Sería injusta si carga la culpa sobre sus secretarios. Ambos, la señorita rubia y el joven de camisa arremangada y corbata, trataron de disuadirme -de manera más lejana al respeto que a la grosería- que sería inútil conversar con usted, que una vez que el caso cerró ya no tiene caso y que su tiempo…
Por eso lo intempestivo de mi ingreso en su despacho después de dos largas semanas de venir penitentemente a la puerta del juzgado.
Le ruego, entonces, que antes de que me expulsen los guardias a los que acaba de llamar, me responda solamente una pregunta…
Asumo totalmente que soy un hombre grande y, a los hombres grandes, el sentimentalismo no es una actitud que nos haga ver enteros ni dignos.
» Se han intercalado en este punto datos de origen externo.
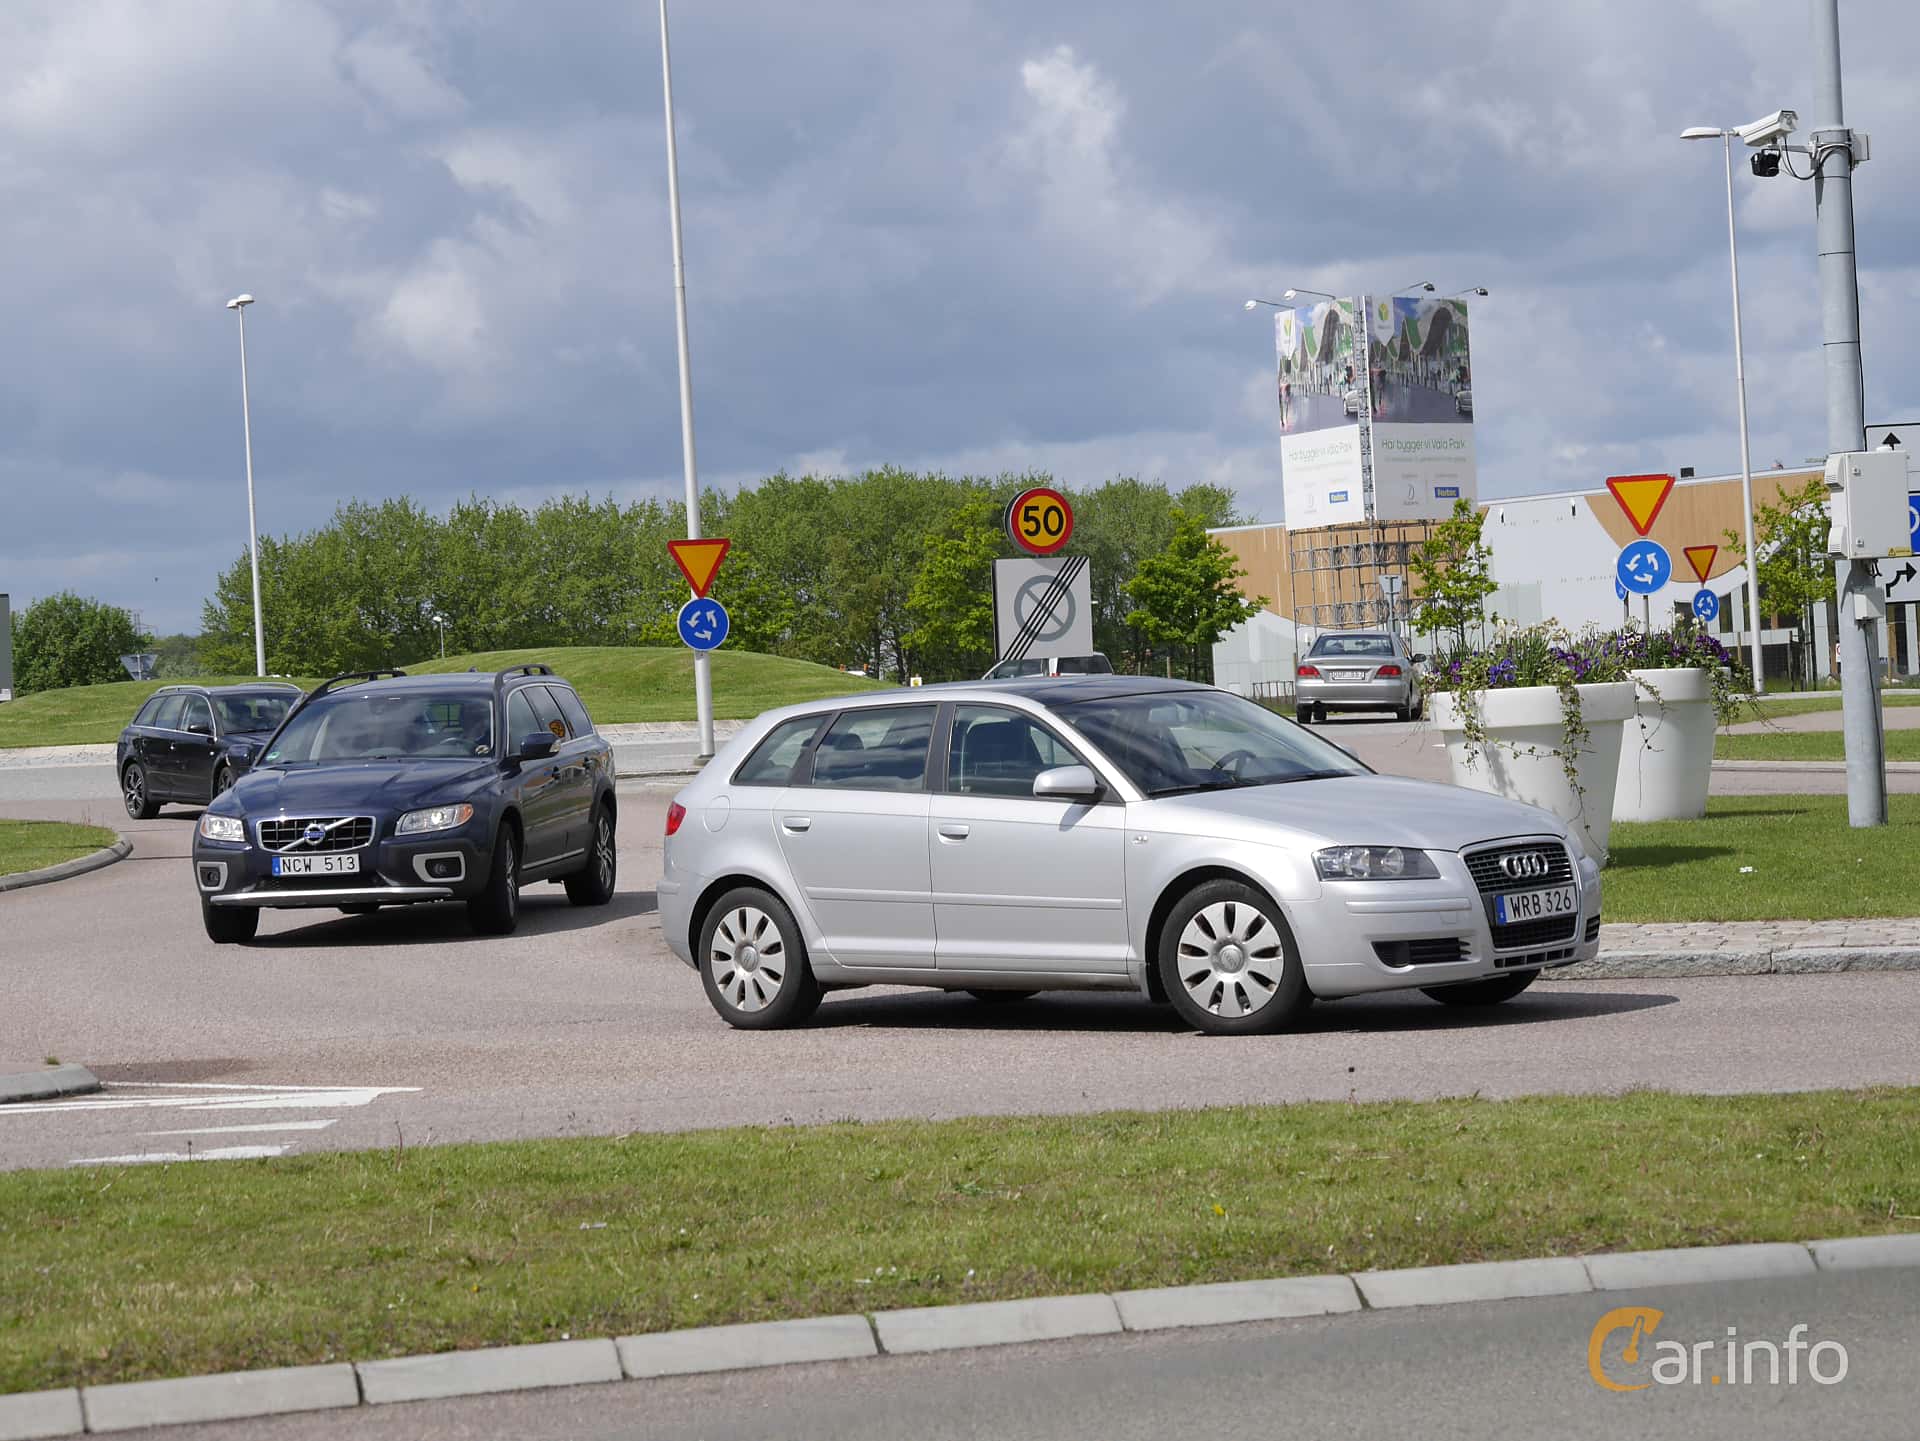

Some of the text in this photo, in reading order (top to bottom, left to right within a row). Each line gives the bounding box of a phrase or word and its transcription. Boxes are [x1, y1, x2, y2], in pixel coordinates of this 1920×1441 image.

Debo confesarle, señora, que aquella vez que entré por primera vez y seguí, por tortuoso y gris pasillo, a la señorita que me precedió hasta su despacho, me sentí como un niño arrastrado a uno de esos lugares a los que no se quiere ir, pero, alguien decidió que nene te portaste mal y ahora tenés que ir adonde yo te digo porque por más que me expliques y re expliques, patalees, llores y me hagas mohines para tratar de endulzarme, nada, me entendés, nada, y cuando digo nada es nada porque yo no me retracto ni doy marcha atrás ni me vuelvo a mirar lo transitado así que…
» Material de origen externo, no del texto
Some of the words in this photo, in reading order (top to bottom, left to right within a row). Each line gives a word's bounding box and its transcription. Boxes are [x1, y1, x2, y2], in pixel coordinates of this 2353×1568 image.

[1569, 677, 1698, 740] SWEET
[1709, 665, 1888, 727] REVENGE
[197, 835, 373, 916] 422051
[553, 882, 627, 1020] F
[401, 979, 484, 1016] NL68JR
Perdón, me dejé llevar por ese sentimentalismo del que le hablaba y que tan horrible me hace ver ante el espejo.
No, por favor, no mire la hora. Ya sé que está muy atareada y pretendo llegar al asunto que, fuera de mis prolegómenos, es, como le dije una pregunta. Una simple y vulgar pregunta.
Ocurre que cuando llegué a su oficina, me senté al lado de un joven que dijo ser mi abogado. A la vera de mi abogado, estaba una pareja, un señor y una señora, que la representaban -ambos con gestos muy adustos en sus rostros (que si alguna vez guardaron cierta belleza, el tiempo se hubo encargado de borrar todo vestigio)- y al costado de sus inmaculados portafolios, ella.
Usted leyó unas formalidades que resumían casi toda mi vida en dos carillas. Sólo levantó la vista para buscar la aprobación cuando citó ambos números de documentos de identidad. Ante mi silencio y su inclinación afirmativa, cuntinuó la lectura de forma gris y monocorde.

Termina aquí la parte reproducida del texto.